___ EXTRACTED DATA
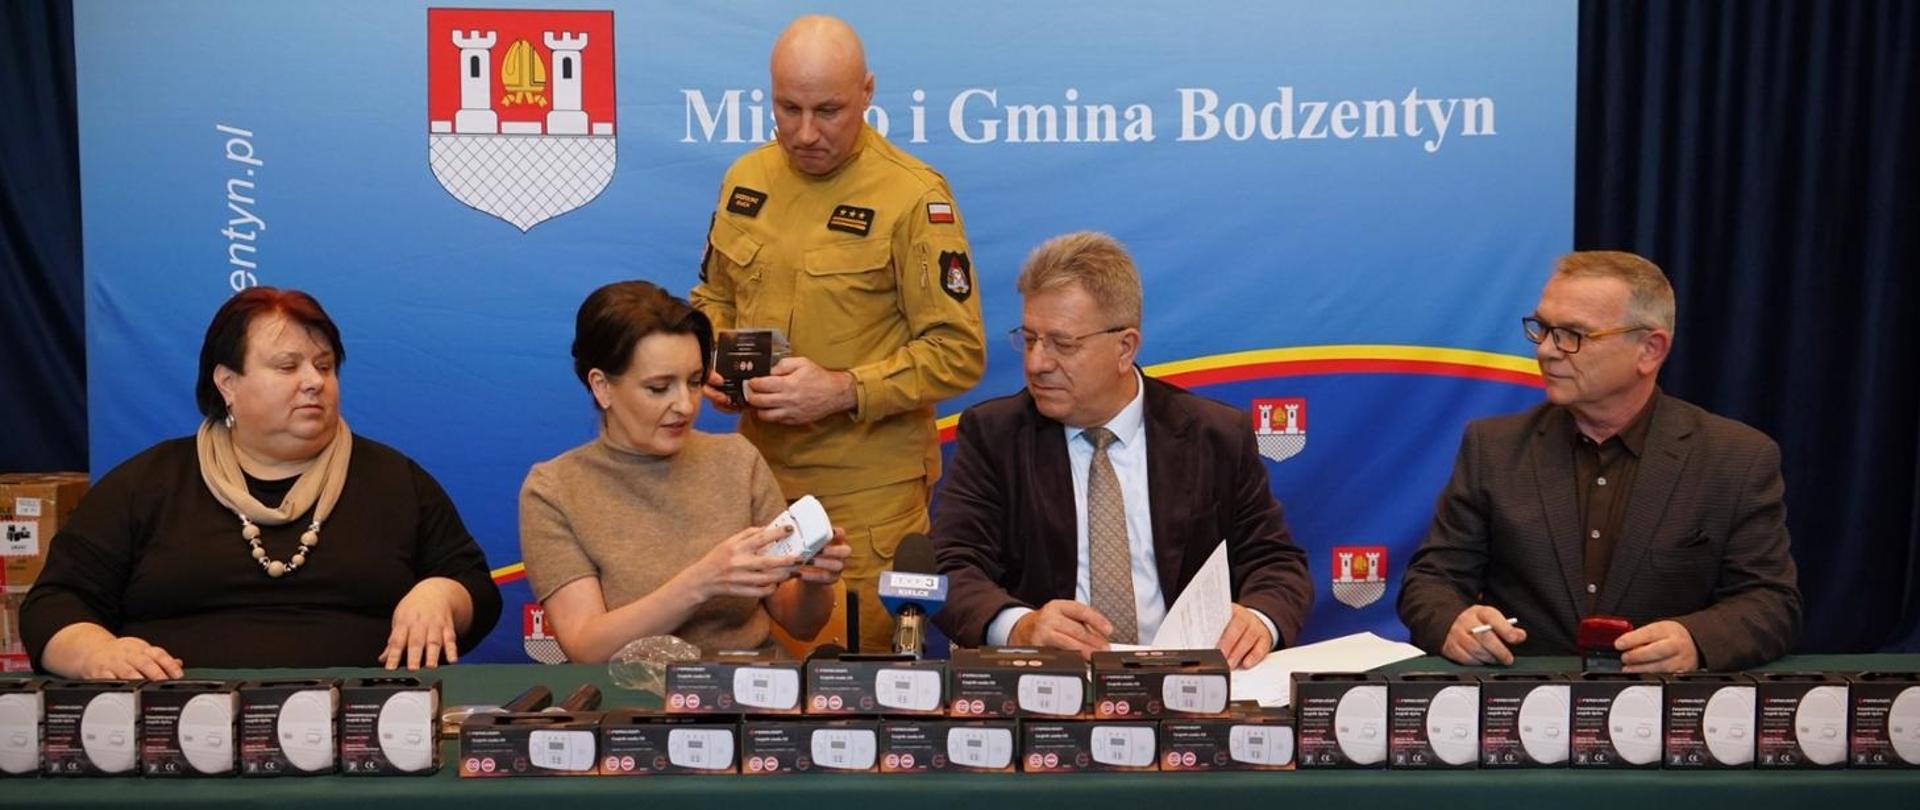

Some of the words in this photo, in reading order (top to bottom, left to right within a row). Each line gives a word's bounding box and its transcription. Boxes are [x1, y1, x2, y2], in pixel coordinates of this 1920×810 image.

[680, 89, 890, 144] Mio
[909, 89, 929, 143] i
[949, 88, 1156, 143] Gmina
[1176, 86, 1497, 152] Bodzentyn
[215, 124, 266, 293] entyn.pl
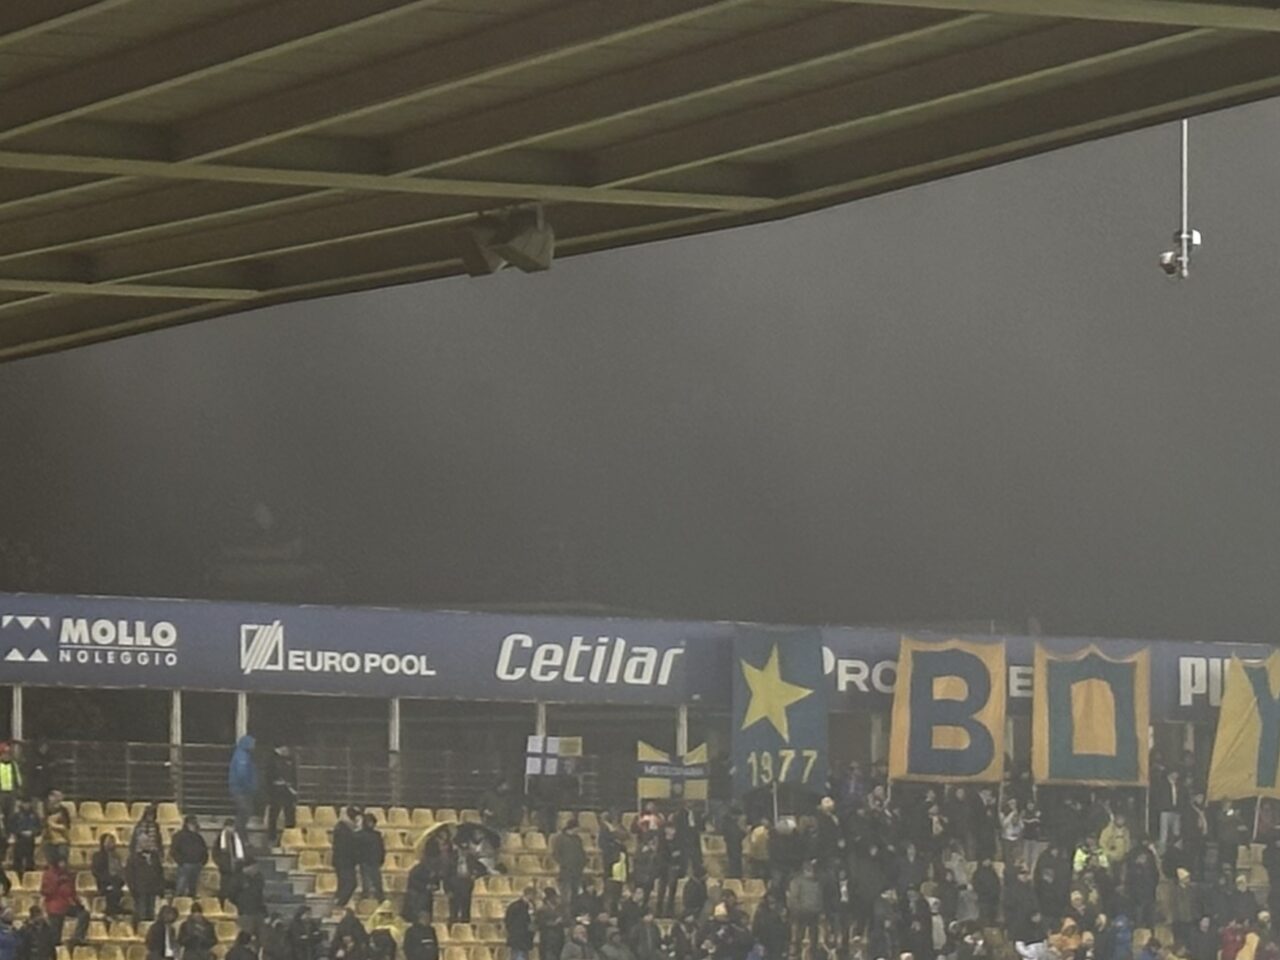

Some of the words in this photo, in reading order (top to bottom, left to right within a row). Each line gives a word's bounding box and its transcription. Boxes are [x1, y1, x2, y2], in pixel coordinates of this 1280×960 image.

[60, 618, 178, 647] MOLLO
[59, 650, 178, 667] NOLEGGIO
[496, 633, 686, 685] Cetilar
[748, 749, 818, 787] 1977
______
* [DESCRIPTION OF THE TASK]: All of the data must be set down exactly, with no pictures included.

* [REPLY]:
Some of the words in this photo, in reading order (top to bottom, left to right within a row). Each line gives a word's bounding box and its transcription. Boxes are [x1, y1, x2, y2], in pixel coordinates of this 1920×810 image.

[680, 89, 890, 144] Mio
[909, 89, 929, 143] i
[949, 88, 1156, 143] Gmina
[1176, 86, 1497, 152] Bodzentyn
[215, 124, 266, 293] entyn.pl

Some of the words in this photo, in reading order (top to bottom, left to right within a row). Each line gives a word's bounding box and its transcription. Boxes are [x1, y1, x2, y2], in pixel coordinates of this 1280×960 image.

[60, 618, 178, 647] MOLLO
[59, 650, 178, 667] NOLEGGIO
[496, 633, 686, 685] Cetilar
[748, 749, 818, 787] 1977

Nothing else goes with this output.